» WORK TO COMPLETE: Repeat the data that follows, keeping every character intact.

Dataset entries:
--- --- ---

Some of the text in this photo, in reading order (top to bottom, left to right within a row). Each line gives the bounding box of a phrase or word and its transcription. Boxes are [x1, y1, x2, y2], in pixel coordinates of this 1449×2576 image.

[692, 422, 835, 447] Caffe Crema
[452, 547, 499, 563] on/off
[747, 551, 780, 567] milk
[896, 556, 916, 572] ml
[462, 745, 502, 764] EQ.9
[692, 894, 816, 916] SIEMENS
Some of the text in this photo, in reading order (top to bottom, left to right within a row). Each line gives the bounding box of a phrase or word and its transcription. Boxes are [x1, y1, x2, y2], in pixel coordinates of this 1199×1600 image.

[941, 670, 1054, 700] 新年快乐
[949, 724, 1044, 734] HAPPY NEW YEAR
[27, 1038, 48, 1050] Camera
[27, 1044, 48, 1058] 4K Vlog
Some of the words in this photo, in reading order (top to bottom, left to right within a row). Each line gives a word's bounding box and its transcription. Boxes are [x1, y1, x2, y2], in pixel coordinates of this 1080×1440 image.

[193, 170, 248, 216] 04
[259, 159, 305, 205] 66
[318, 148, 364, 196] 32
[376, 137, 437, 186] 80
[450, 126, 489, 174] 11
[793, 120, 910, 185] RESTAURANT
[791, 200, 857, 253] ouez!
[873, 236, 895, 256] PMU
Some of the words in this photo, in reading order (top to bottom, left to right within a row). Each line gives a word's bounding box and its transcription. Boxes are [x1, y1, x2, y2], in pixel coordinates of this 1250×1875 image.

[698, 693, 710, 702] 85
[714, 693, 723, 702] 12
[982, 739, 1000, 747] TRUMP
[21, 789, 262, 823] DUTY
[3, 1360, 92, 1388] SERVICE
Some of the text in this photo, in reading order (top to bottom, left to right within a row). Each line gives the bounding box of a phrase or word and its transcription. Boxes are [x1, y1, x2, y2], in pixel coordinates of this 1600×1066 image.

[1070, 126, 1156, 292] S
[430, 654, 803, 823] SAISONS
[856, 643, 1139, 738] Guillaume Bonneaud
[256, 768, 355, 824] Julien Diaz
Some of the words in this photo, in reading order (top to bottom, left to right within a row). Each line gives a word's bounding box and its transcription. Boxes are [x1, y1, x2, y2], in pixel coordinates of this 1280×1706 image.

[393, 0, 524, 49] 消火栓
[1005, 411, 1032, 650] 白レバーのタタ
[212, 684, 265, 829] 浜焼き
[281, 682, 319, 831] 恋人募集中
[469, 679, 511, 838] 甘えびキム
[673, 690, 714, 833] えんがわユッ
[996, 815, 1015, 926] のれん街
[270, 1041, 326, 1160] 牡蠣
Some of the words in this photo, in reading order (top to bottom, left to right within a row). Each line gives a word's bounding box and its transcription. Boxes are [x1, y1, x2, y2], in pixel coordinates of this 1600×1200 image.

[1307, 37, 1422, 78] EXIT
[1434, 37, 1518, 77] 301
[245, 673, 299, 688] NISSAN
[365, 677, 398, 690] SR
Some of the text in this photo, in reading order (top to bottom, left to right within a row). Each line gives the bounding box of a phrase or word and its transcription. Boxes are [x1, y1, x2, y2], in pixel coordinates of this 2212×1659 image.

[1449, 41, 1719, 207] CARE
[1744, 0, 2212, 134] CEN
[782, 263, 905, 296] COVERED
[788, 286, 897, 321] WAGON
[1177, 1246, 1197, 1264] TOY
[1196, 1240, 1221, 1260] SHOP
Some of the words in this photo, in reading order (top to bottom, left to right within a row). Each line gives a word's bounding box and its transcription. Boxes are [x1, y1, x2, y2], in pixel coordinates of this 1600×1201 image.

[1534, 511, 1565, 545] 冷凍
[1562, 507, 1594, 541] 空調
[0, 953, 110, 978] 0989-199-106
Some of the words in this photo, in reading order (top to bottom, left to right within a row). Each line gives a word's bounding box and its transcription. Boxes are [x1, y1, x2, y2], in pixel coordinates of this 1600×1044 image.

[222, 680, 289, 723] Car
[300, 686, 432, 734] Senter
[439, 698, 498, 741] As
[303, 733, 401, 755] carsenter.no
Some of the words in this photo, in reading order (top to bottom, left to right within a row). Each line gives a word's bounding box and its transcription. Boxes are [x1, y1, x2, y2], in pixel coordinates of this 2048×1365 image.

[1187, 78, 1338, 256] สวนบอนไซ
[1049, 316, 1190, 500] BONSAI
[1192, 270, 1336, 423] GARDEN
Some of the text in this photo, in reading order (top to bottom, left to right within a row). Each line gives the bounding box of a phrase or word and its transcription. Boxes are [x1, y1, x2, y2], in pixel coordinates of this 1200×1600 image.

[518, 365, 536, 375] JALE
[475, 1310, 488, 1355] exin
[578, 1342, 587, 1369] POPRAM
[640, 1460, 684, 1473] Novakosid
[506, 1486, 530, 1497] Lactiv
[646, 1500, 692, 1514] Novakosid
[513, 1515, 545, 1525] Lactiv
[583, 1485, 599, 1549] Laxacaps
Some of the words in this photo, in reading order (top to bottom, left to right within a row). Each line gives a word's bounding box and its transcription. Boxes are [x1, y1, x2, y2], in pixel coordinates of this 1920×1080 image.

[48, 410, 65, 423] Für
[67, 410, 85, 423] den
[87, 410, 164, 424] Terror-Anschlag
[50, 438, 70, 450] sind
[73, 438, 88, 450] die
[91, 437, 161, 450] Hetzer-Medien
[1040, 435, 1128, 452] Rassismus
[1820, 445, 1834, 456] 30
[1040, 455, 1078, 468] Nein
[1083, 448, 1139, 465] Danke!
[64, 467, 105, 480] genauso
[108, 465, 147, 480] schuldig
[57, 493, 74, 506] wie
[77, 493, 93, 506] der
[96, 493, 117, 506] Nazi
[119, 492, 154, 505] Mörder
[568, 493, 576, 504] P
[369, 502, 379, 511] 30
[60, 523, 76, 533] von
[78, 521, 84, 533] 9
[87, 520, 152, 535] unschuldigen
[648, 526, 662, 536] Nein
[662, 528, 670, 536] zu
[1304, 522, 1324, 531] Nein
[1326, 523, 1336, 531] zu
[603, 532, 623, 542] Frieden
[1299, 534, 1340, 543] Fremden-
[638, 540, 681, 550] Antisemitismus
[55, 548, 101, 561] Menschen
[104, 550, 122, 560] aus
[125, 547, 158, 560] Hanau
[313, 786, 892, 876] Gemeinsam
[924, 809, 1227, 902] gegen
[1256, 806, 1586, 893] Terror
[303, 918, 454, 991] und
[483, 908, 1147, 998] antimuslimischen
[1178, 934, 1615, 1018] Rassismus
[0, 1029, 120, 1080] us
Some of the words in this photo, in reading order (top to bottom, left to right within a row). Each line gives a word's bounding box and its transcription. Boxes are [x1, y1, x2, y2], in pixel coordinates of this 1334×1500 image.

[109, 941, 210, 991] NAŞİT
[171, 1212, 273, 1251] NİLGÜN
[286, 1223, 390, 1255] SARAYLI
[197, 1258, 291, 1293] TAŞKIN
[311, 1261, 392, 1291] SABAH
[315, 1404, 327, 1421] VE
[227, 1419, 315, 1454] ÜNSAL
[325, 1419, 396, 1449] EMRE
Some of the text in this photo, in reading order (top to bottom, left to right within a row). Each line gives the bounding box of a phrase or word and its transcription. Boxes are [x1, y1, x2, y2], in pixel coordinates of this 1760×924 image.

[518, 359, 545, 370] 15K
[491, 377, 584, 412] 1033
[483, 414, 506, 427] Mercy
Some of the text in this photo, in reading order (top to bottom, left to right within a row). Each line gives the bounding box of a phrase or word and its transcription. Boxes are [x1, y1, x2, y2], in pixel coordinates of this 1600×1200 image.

--- --- ---

» COMPLETED EXERCISE:
Some of the text in this photo, in reading order (top to bottom, left to right within a row). Each line gives the bounding box of a phrase or word and its transcription. Boxes are [x1, y1, x2, y2], in pixel coordinates of this 1449×2576 image.

[692, 422, 835, 447] Caffe Crema
[452, 547, 499, 563] on/off
[747, 551, 780, 567] milk
[896, 556, 916, 572] ml
[462, 745, 502, 764] EQ.9
[692, 894, 816, 916] SIEMENS
Some of the text in this photo, in reading order (top to bottom, left to right within a row). Each line gives the bounding box of a phrase or word and its transcription. Boxes are [x1, y1, x2, y2], in pixel coordinates of this 1199×1600 image.

[941, 670, 1054, 700] 新年快乐
[949, 724, 1044, 734] HAPPY NEW YEAR
[27, 1038, 48, 1050] Camera
[27, 1044, 48, 1058] 4K Vlog
Some of the words in this photo, in reading order (top to bottom, left to right within a row). Each line gives a word's bounding box and its transcription. Boxes are [x1, y1, x2, y2], in pixel coordinates of this 1080×1440 image.

[193, 170, 248, 216] 04
[259, 159, 305, 205] 66
[318, 148, 364, 196] 32
[376, 137, 437, 186] 80
[450, 126, 489, 174] 11
[793, 120, 910, 185] RESTAURANT
[791, 200, 857, 253] ouez!
[873, 236, 895, 256] PMU
Some of the words in this photo, in reading order (top to bottom, left to right within a row). Each line gives a word's bounding box and its transcription. Boxes are [x1, y1, x2, y2], in pixel coordinates of this 1250×1875 image.

[698, 693, 710, 702] 85
[714, 693, 723, 702] 12
[982, 739, 1000, 747] TRUMP
[21, 789, 262, 823] DUTY
[3, 1360, 92, 1388] SERVICE
Some of the text in this photo, in reading order (top to bottom, left to right within a row). Each line gives the bounding box of a phrase or word and its transcription. Boxes are [x1, y1, x2, y2], in pixel coordinates of this 1600×1066 image.

[1070, 126, 1156, 292] S
[430, 654, 803, 823] SAISONS
[856, 643, 1139, 738] Guillaume Bonneaud
[256, 768, 355, 824] Julien Diaz
Some of the words in this photo, in reading order (top to bottom, left to right within a row). Each line gives a word's bounding box and its transcription. Boxes are [x1, y1, x2, y2], in pixel coordinates of this 1280×1706 image.

[393, 0, 524, 49] 消火栓
[1005, 411, 1032, 650] 白レバーのタタ
[212, 684, 265, 829] 浜焼き
[281, 682, 319, 831] 恋人募集中
[469, 679, 511, 838] 甘えびキム
[673, 690, 714, 833] えんがわユッ
[996, 815, 1015, 926] のれん街
[270, 1041, 326, 1160] 牡蠣
Some of the words in this photo, in reading order (top to bottom, left to right within a row). Each line gives a word's bounding box and its transcription. Boxes are [x1, y1, x2, y2], in pixel coordinates of this 1600×1200 image.

[1307, 37, 1422, 78] EXIT
[1434, 37, 1518, 77] 301
[245, 673, 299, 688] NISSAN
[365, 677, 398, 690] SR
Some of the text in this photo, in reading order (top to bottom, left to right within a row). Each line gives the bounding box of a phrase or word and its transcription. Boxes are [x1, y1, x2, y2], in pixel coordinates of this 2212×1659 image.

[1449, 41, 1719, 207] CARE
[1744, 0, 2212, 134] CEN
[782, 263, 905, 296] COVERED
[788, 286, 897, 321] WAGON
[1177, 1246, 1197, 1264] TOY
[1196, 1240, 1221, 1260] SHOP
Some of the words in this photo, in reading order (top to bottom, left to right within a row). Each line gives a word's bounding box and its transcription. Boxes are [x1, y1, x2, y2], in pixel coordinates of this 1600×1201 image.

[1534, 511, 1565, 545] 冷凍
[1562, 507, 1594, 541] 空調
[0, 953, 110, 978] 0989-199-106
Some of the words in this photo, in reading order (top to bottom, left to right within a row). Each line gives a word's bounding box and its transcription. Boxes are [x1, y1, x2, y2], in pixel coordinates of this 1600×1044 image.

[222, 680, 289, 723] Car
[300, 686, 432, 734] Senter
[439, 698, 498, 741] As
[303, 733, 401, 755] carsenter.no
Some of the words in this photo, in reading order (top to bottom, left to right within a row). Each line gives a word's bounding box and its transcription. Boxes are [x1, y1, x2, y2], in pixel coordinates of this 2048×1365 image.

[1187, 78, 1338, 256] สวนบอนไซ
[1049, 316, 1190, 500] BONSAI
[1192, 270, 1336, 423] GARDEN
Some of the text in this photo, in reading order (top to bottom, left to right within a row). Each line gives the bounding box of a phrase or word and its transcription. Boxes are [x1, y1, x2, y2], in pixel coordinates of this 1200×1600 image.

[518, 365, 536, 375] JALE
[475, 1310, 488, 1355] exin
[578, 1342, 587, 1369] POPRAM
[640, 1460, 684, 1473] Novakosid
[506, 1486, 530, 1497] Lactiv
[646, 1500, 692, 1514] Novakosid
[513, 1515, 545, 1525] Lactiv
[583, 1485, 599, 1549] Laxacaps
Some of the words in this photo, in reading order (top to bottom, left to right within a row). Each line gives a word's bounding box and its transcription. Boxes are [x1, y1, x2, y2], in pixel coordinates of this 1920×1080 image.

[48, 410, 65, 423] Für
[67, 410, 85, 423] den
[87, 410, 164, 424] Terror-Anschlag
[50, 438, 70, 450] sind
[73, 438, 88, 450] die
[91, 437, 161, 450] Hetzer-Medien
[1040, 435, 1128, 452] Rassismus
[1820, 445, 1834, 456] 30
[1040, 455, 1078, 468] Nein
[1083, 448, 1139, 465] Danke!
[64, 467, 105, 480] genauso
[108, 465, 147, 480] schuldig
[57, 493, 74, 506] wie
[77, 493, 93, 506] der
[96, 493, 117, 506] Nazi
[119, 492, 154, 505] Mörder
[568, 493, 576, 504] P
[369, 502, 379, 511] 30
[60, 523, 76, 533] von
[78, 521, 84, 533] 9
[87, 520, 152, 535] unschuldigen
[648, 526, 662, 536] Nein
[662, 528, 670, 536] zu
[1304, 522, 1324, 531] Nein
[1326, 523, 1336, 531] zu
[603, 532, 623, 542] Frieden
[1299, 534, 1340, 543] Fremden-
[638, 540, 681, 550] Antisemitismus
[55, 548, 101, 561] Menschen
[104, 550, 122, 560] aus
[125, 547, 158, 560] Hanau
[313, 786, 892, 876] Gemeinsam
[924, 809, 1227, 902] gegen
[1256, 806, 1586, 893] Terror
[303, 918, 454, 991] und
[483, 908, 1147, 998] antimuslimischen
[1178, 934, 1615, 1018] Rassismus
[0, 1029, 120, 1080] us
Some of the words in this photo, in reading order (top to bottom, left to right within a row). Each line gives a word's bounding box and its transcription. Boxes are [x1, y1, x2, y2], in pixel coordinates of this 1334×1500 image.

[109, 941, 210, 991] NAŞİT
[171, 1212, 273, 1251] NİLGÜN
[286, 1223, 390, 1255] SARAYLI
[197, 1258, 291, 1293] TAŞKIN
[311, 1261, 392, 1291] SABAH
[315, 1404, 327, 1421] VE
[227, 1419, 315, 1454] ÜNSAL
[325, 1419, 396, 1449] EMRE
Some of the text in this photo, in reading order (top to bottom, left to right within a row). Each line gives the bounding box of a phrase or word and its transcription. Boxes are [x1, y1, x2, y2], in pixel coordinates of this 1760×924 image.

[518, 359, 545, 370] 15K
[491, 377, 584, 412] 1033
[483, 414, 506, 427] Mercy
Some of the text in this photo, in reading order (top to bottom, left to right within a row). Each line gives the bounding box of a phrase or word and its transcription. Boxes are [x1, y1, x2, y2], in pixel coordinates of this 1600×1200 image.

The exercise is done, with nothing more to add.